[Record excerpts Boundary: Start]

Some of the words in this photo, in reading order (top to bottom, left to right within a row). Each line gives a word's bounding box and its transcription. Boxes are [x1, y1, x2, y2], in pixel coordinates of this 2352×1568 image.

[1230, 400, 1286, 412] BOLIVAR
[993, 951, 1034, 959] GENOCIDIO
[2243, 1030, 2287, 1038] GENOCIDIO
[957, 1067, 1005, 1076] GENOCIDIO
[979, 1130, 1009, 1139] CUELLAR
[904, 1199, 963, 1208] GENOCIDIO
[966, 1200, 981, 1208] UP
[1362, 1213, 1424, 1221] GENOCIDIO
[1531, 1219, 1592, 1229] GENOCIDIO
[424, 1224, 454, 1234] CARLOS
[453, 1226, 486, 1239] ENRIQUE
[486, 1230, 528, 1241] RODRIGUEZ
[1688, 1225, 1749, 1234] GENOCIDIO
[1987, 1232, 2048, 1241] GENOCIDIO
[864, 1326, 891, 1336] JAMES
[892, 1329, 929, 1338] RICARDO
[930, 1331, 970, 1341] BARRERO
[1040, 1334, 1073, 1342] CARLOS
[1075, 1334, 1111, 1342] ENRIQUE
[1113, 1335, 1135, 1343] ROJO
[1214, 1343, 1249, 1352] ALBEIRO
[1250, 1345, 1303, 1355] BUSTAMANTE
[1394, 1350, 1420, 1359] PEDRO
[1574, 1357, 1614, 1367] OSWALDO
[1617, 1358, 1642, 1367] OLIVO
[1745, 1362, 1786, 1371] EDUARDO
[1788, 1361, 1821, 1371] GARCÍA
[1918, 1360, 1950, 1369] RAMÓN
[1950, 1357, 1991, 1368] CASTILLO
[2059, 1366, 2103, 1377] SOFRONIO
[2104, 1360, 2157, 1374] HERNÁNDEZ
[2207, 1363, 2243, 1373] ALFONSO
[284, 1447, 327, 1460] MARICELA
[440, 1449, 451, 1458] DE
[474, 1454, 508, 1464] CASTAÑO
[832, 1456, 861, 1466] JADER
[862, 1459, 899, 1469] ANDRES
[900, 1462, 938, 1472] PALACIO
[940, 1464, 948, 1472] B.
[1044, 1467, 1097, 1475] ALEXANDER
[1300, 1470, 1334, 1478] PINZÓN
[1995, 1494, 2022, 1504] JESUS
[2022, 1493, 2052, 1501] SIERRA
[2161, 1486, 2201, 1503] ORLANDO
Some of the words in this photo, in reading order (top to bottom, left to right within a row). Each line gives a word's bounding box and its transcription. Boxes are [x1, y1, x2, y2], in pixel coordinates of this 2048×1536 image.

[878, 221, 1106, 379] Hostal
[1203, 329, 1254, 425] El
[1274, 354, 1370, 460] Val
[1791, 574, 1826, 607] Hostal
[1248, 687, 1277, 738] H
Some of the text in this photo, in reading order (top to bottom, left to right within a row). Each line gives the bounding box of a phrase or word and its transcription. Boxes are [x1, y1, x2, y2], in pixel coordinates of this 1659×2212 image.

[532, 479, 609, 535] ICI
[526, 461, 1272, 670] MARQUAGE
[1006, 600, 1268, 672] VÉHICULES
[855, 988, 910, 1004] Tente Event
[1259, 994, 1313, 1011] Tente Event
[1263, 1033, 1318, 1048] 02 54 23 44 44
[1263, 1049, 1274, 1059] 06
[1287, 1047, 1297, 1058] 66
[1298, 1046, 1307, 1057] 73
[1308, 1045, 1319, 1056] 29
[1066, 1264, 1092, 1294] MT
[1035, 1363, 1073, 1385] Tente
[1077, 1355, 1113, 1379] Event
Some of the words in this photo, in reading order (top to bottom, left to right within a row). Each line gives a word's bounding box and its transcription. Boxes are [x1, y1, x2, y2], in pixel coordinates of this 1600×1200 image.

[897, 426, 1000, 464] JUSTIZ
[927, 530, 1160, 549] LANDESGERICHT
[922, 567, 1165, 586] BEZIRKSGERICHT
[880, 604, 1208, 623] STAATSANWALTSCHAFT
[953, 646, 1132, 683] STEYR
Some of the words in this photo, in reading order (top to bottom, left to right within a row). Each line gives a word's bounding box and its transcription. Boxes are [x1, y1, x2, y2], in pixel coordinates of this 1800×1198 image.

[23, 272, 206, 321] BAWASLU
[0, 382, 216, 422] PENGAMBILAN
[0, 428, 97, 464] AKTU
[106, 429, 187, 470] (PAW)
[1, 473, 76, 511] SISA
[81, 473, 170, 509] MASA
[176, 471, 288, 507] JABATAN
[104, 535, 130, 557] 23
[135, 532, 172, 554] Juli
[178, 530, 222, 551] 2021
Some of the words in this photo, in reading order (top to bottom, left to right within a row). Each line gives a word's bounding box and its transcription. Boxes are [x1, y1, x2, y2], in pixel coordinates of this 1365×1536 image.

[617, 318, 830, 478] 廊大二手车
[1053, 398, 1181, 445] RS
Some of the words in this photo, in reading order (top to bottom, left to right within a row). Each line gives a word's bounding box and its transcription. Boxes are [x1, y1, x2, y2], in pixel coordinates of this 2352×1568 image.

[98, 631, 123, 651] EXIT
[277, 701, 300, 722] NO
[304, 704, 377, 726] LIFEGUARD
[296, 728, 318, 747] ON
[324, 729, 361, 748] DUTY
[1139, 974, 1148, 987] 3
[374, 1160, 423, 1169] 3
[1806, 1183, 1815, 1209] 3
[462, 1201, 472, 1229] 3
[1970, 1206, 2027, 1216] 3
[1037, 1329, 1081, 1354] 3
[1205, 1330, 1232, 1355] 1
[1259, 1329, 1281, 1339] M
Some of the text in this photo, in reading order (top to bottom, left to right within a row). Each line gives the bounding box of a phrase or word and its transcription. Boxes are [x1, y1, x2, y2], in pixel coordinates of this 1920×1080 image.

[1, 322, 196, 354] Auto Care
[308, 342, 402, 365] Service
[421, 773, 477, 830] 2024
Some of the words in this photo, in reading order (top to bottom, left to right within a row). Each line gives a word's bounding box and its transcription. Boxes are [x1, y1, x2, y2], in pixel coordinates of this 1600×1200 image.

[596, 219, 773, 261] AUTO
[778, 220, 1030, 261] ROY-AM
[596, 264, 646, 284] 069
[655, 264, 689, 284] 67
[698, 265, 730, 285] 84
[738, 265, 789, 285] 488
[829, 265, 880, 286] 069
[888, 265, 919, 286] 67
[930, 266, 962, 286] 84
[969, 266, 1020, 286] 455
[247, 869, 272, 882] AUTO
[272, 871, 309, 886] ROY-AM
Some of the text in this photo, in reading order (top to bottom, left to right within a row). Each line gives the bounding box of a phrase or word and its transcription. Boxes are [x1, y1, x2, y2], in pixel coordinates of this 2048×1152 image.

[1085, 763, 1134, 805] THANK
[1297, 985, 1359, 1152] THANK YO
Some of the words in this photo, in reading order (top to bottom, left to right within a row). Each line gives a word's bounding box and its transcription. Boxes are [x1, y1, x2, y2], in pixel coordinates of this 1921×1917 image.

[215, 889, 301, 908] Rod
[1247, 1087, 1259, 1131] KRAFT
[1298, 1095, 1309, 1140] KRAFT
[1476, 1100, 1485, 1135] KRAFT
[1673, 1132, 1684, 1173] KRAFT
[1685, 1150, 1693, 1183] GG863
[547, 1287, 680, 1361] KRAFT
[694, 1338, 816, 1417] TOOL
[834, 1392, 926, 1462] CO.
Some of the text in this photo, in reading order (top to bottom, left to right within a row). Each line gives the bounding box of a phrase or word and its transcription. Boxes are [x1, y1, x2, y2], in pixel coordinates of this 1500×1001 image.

[Record excerpts Boundary: End]

● Your objective:
All the entries above must be repeated exactly as they were given.

● Answer to this task:
Some of the words in this photo, in reading order (top to bottom, left to right within a row). Each line gives a word's bounding box and its transcription. Boxes are [x1, y1, x2, y2], in pixel coordinates of this 2352×1568 image.

[1230, 400, 1286, 412] BOLIVAR
[993, 951, 1034, 959] GENOCIDIO
[2243, 1030, 2287, 1038] GENOCIDIO
[957, 1067, 1005, 1076] GENOCIDIO
[979, 1130, 1009, 1139] CUELLAR
[904, 1199, 963, 1208] GENOCIDIO
[966, 1200, 981, 1208] UP
[1362, 1213, 1424, 1221] GENOCIDIO
[1531, 1219, 1592, 1229] GENOCIDIO
[424, 1224, 454, 1234] CARLOS
[453, 1226, 486, 1239] ENRIQUE
[486, 1230, 528, 1241] RODRIGUEZ
[1688, 1225, 1749, 1234] GENOCIDIO
[1987, 1232, 2048, 1241] GENOCIDIO
[864, 1326, 891, 1336] JAMES
[892, 1329, 929, 1338] RICARDO
[930, 1331, 970, 1341] BARRERO
[1040, 1334, 1073, 1342] CARLOS
[1075, 1334, 1111, 1342] ENRIQUE
[1113, 1335, 1135, 1343] ROJO
[1214, 1343, 1249, 1352] ALBEIRO
[1250, 1345, 1303, 1355] BUSTAMANTE
[1394, 1350, 1420, 1359] PEDRO
[1574, 1357, 1614, 1367] OSWALDO
[1617, 1358, 1642, 1367] OLIVO
[1745, 1362, 1786, 1371] EDUARDO
[1788, 1361, 1821, 1371] GARCÍA
[1918, 1360, 1950, 1369] RAMÓN
[1950, 1357, 1991, 1368] CASTILLO
[2059, 1366, 2103, 1377] SOFRONIO
[2104, 1360, 2157, 1374] HERNÁNDEZ
[2207, 1363, 2243, 1373] ALFONSO
[284, 1447, 327, 1460] MARICELA
[440, 1449, 451, 1458] DE
[474, 1454, 508, 1464] CASTAÑO
[832, 1456, 861, 1466] JADER
[862, 1459, 899, 1469] ANDRES
[900, 1462, 938, 1472] PALACIO
[940, 1464, 948, 1472] B.
[1044, 1467, 1097, 1475] ALEXANDER
[1300, 1470, 1334, 1478] PINZÓN
[1995, 1494, 2022, 1504] JESUS
[2022, 1493, 2052, 1501] SIERRA
[2161, 1486, 2201, 1503] ORLANDO
Some of the words in this photo, in reading order (top to bottom, left to right within a row). Each line gives a word's bounding box and its transcription. Boxes are [x1, y1, x2, y2], in pixel coordinates of this 2048×1536 image.

[878, 221, 1106, 379] Hostal
[1203, 329, 1254, 425] El
[1274, 354, 1370, 460] Val
[1791, 574, 1826, 607] Hostal
[1248, 687, 1277, 738] H
Some of the text in this photo, in reading order (top to bottom, left to right within a row). Each line gives the bounding box of a phrase or word and its transcription. Boxes are [x1, y1, x2, y2], in pixel coordinates of this 1659×2212 image.

[532, 479, 609, 535] ICI
[526, 461, 1272, 670] MARQUAGE
[1006, 600, 1268, 672] VÉHICULES
[855, 988, 910, 1004] Tente Event
[1259, 994, 1313, 1011] Tente Event
[1263, 1033, 1318, 1048] 02 54 23 44 44
[1263, 1049, 1274, 1059] 06
[1287, 1047, 1297, 1058] 66
[1298, 1046, 1307, 1057] 73
[1308, 1045, 1319, 1056] 29
[1066, 1264, 1092, 1294] MT
[1035, 1363, 1073, 1385] Tente
[1077, 1355, 1113, 1379] Event
Some of the words in this photo, in reading order (top to bottom, left to right within a row). Each line gives a word's bounding box and its transcription. Boxes are [x1, y1, x2, y2], in pixel coordinates of this 1600×1200 image.

[897, 426, 1000, 464] JUSTIZ
[927, 530, 1160, 549] LANDESGERICHT
[922, 567, 1165, 586] BEZIRKSGERICHT
[880, 604, 1208, 623] STAATSANWALTSCHAFT
[953, 646, 1132, 683] STEYR
Some of the words in this photo, in reading order (top to bottom, left to right within a row). Each line gives a word's bounding box and its transcription. Boxes are [x1, y1, x2, y2], in pixel coordinates of this 1800×1198 image.

[23, 272, 206, 321] BAWASLU
[0, 382, 216, 422] PENGAMBILAN
[0, 428, 97, 464] AKTU
[106, 429, 187, 470] (PAW)
[1, 473, 76, 511] SISA
[81, 473, 170, 509] MASA
[176, 471, 288, 507] JABATAN
[104, 535, 130, 557] 23
[135, 532, 172, 554] Juli
[178, 530, 222, 551] 2021
Some of the words in this photo, in reading order (top to bottom, left to right within a row). Each line gives a word's bounding box and its transcription. Boxes are [x1, y1, x2, y2], in pixel coordinates of this 1365×1536 image.

[617, 318, 830, 478] 廊大二手车
[1053, 398, 1181, 445] RS
Some of the words in this photo, in reading order (top to bottom, left to right within a row). Each line gives a word's bounding box and its transcription. Boxes are [x1, y1, x2, y2], in pixel coordinates of this 2352×1568 image.

[98, 631, 123, 651] EXIT
[277, 701, 300, 722] NO
[304, 704, 377, 726] LIFEGUARD
[296, 728, 318, 747] ON
[324, 729, 361, 748] DUTY
[1139, 974, 1148, 987] 3
[374, 1160, 423, 1169] 3
[1806, 1183, 1815, 1209] 3
[462, 1201, 472, 1229] 3
[1970, 1206, 2027, 1216] 3
[1037, 1329, 1081, 1354] 3
[1205, 1330, 1232, 1355] 1
[1259, 1329, 1281, 1339] M
Some of the text in this photo, in reading order (top to bottom, left to right within a row). Each line gives the bounding box of a phrase or word and its transcription. Boxes are [x1, y1, x2, y2], in pixel coordinates of this 1920×1080 image.

[1, 322, 196, 354] Auto Care
[308, 342, 402, 365] Service
[421, 773, 477, 830] 2024
Some of the words in this photo, in reading order (top to bottom, left to right within a row). Each line gives a word's bounding box and its transcription. Boxes are [x1, y1, x2, y2], in pixel coordinates of this 1600×1200 image.

[596, 219, 773, 261] AUTO
[778, 220, 1030, 261] ROY-AM
[596, 264, 646, 284] 069
[655, 264, 689, 284] 67
[698, 265, 730, 285] 84
[738, 265, 789, 285] 488
[829, 265, 880, 286] 069
[888, 265, 919, 286] 67
[930, 266, 962, 286] 84
[969, 266, 1020, 286] 455
[247, 869, 272, 882] AUTO
[272, 871, 309, 886] ROY-AM
Some of the text in this photo, in reading order (top to bottom, left to right within a row). Each line gives the bounding box of a phrase or word and its transcription. Boxes are [x1, y1, x2, y2], in pixel coordinates of this 2048×1152 image.

[1085, 763, 1134, 805] THANK
[1297, 985, 1359, 1152] THANK YO
Some of the words in this photo, in reading order (top to bottom, left to right within a row). Each line gives a word's bounding box and its transcription. Boxes are [x1, y1, x2, y2], in pixel coordinates of this 1921×1917 image.

[215, 889, 301, 908] Rod
[1247, 1087, 1259, 1131] KRAFT
[1298, 1095, 1309, 1140] KRAFT
[1476, 1100, 1485, 1135] KRAFT
[1673, 1132, 1684, 1173] KRAFT
[1685, 1150, 1693, 1183] GG863
[547, 1287, 680, 1361] KRAFT
[694, 1338, 816, 1417] TOOL
[834, 1392, 926, 1462] CO.
Some of the text in this photo, in reading order (top to bottom, left to right within a row). Each line gives the bounding box of a phrase or word and its transcription. Boxes are [x1, y1, x2, y2], in pixel coordinates of this 1500×1001 image.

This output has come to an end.